Sylvester
‘Of course it is a pity!’ said the Dowager irascibly. ‘But with my constitution it would be madness for me to attempt the journey without support! Sir Henry wouldn’t hear of it! If Phoebe had a brother –’ She broke off, and startled Georgiana by exclaiming: ‘Young Orde!’
‘I beg your pardon, ma’am?’
The Dowager sat up with surprising energy. ‘The very person! I will write at once to Mr Orde! Where are they putting up? Reddish’s! Georgie, my love, the ink, my pen, paper, wafers! In that desk! No! I will get up! Here, take all this away, child!’
‘But who is he?’ asked Georgiana, receiving from the Dowager a fan, a vinaigrette, a bottle of eau-de-Cologne, another of sal volatile, and three clean handkerchiefs.
‘He’s as good as a brother.
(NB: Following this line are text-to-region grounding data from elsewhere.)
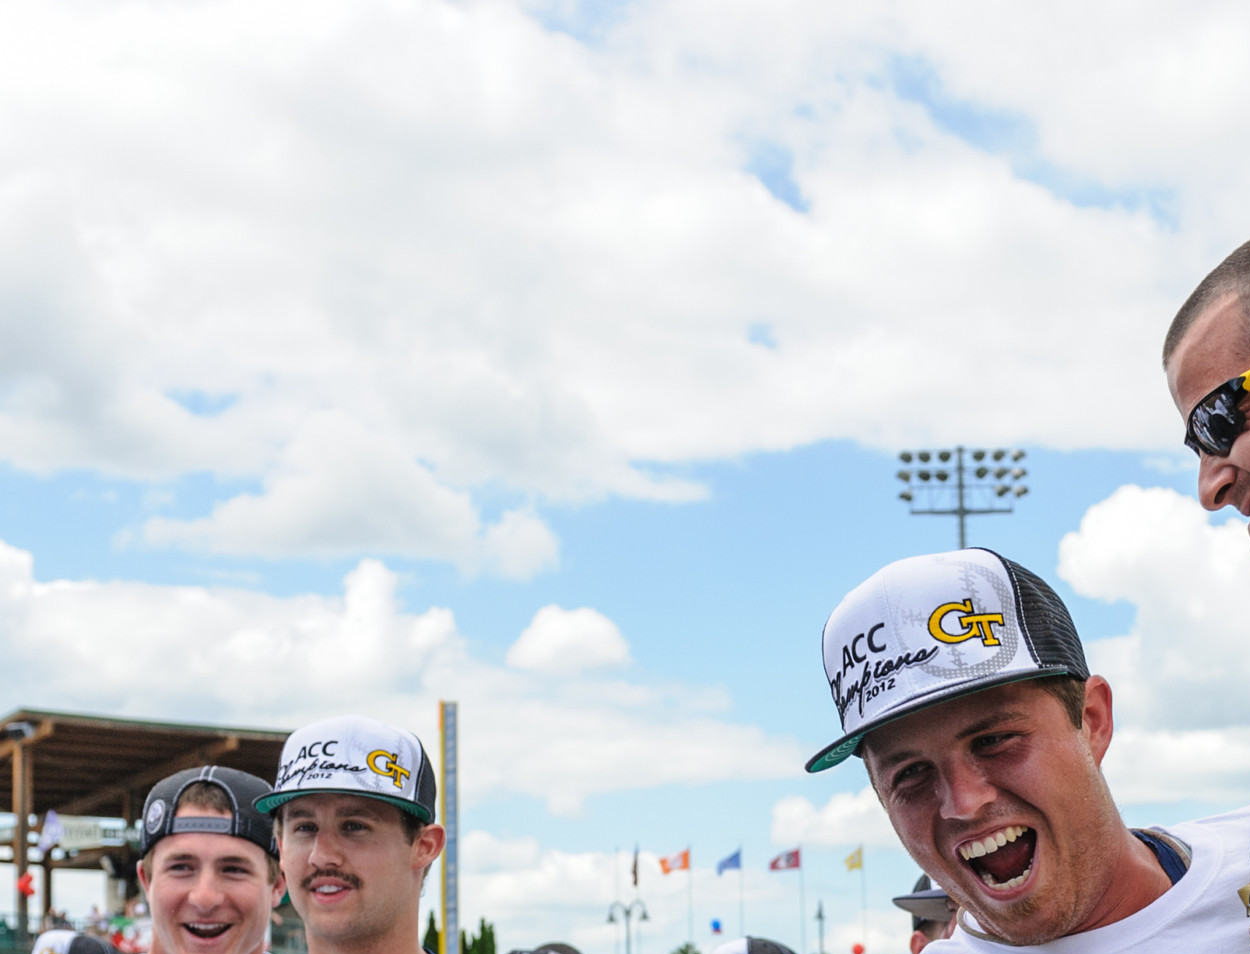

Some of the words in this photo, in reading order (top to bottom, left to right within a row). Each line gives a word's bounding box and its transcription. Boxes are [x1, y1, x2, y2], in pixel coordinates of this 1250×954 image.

[928, 598, 1005, 647] GT
[842, 622, 887, 678] ACC
[866, 678, 896, 702] 2012
[295, 740, 339, 764] ACC
[307, 773, 333, 781] 2012
[366, 749, 410, 789] GT
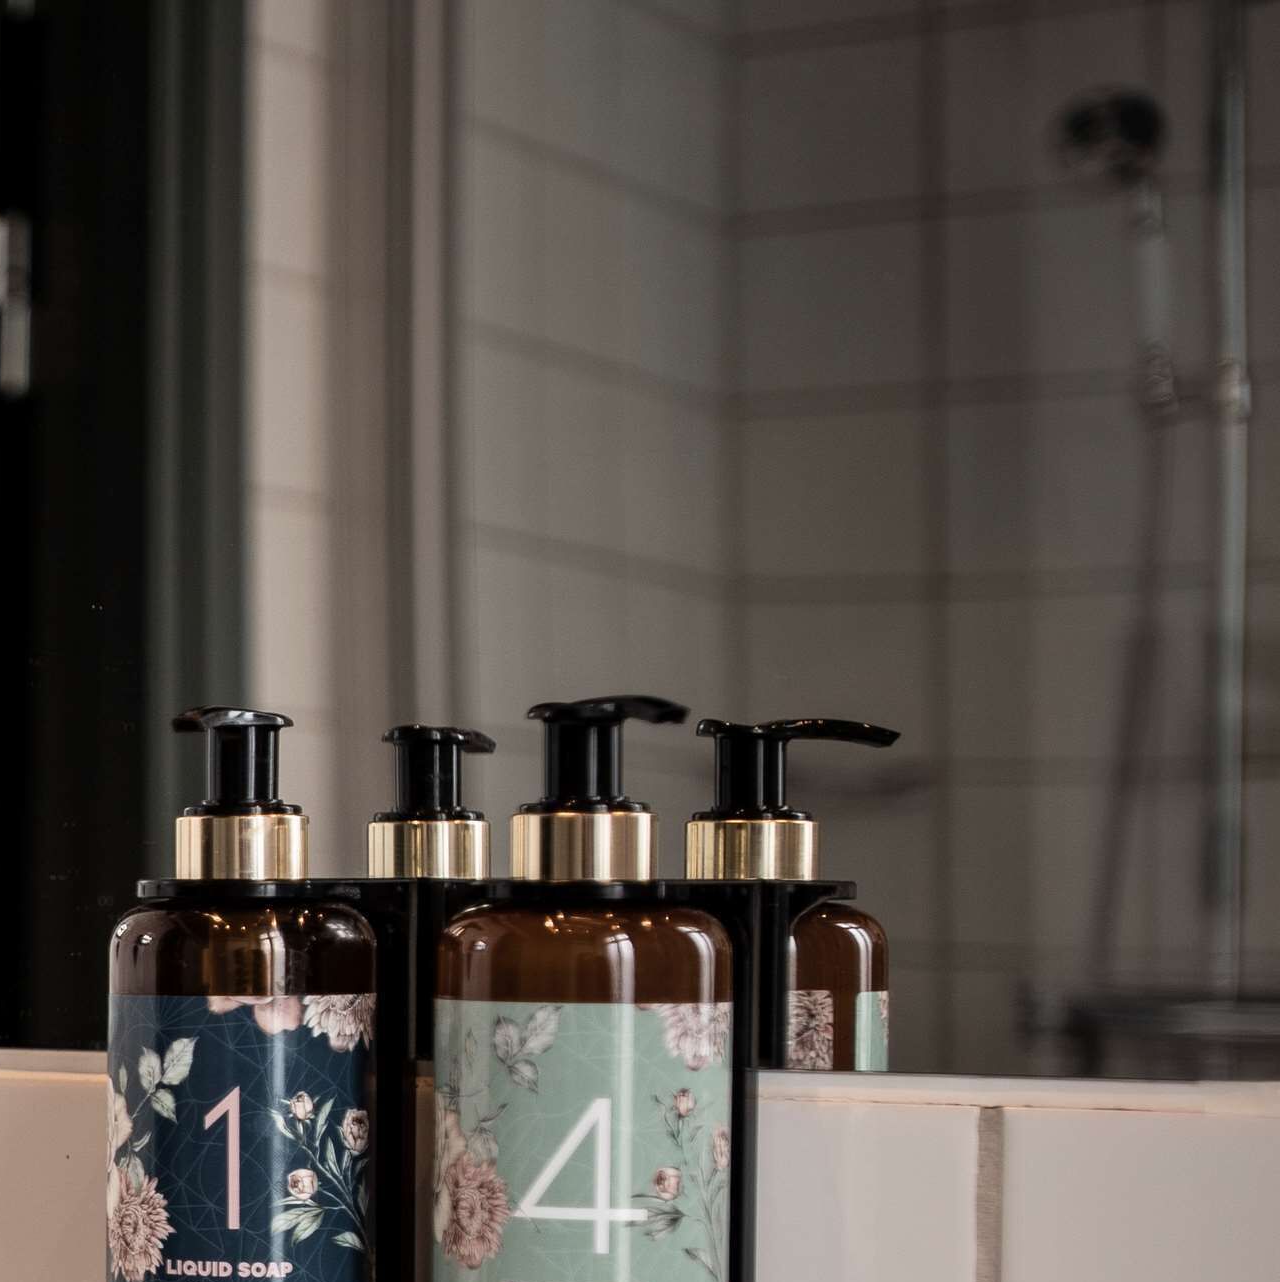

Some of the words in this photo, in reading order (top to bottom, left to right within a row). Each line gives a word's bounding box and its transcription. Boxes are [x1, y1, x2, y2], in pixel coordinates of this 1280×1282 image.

[203, 1085, 241, 1230] 1
[511, 1098, 649, 1254] 4
[166, 1258, 233, 1277] LIQUID
[237, 1261, 294, 1278] SOAP
Phoebe’s known him all her life!’ replied the Dowager, beginning to divest herself of various scarves, shawls, and rugs. ‘A very pretty-behaved boy! Wants town-polish, but most gentlemanly!’ Georgiana put up her brows. ‘A fresh-faced young man, with a shy smile? Does he walk with a limp?’
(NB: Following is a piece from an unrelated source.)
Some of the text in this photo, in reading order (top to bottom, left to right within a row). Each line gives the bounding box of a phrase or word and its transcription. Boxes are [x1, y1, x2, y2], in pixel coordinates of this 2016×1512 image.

‘Yes, that’s he. Just give me your hand – or no! Where has Muker put my slippers?’
‘Then I fancy he is with Phoebe at this very moment,’ said Georgiana. ‘We met on the doorstep: I wondered who it could be!’
The Dowager sank back again. ‘Why didn’t you tell me so before?’ she demanded. ‘Ring the bell. Georgie! I’ll have him up here at once!’
Georgiana obeyed, but said, as she did so: ‘To be sure, ma’am – if you think it right to take him?’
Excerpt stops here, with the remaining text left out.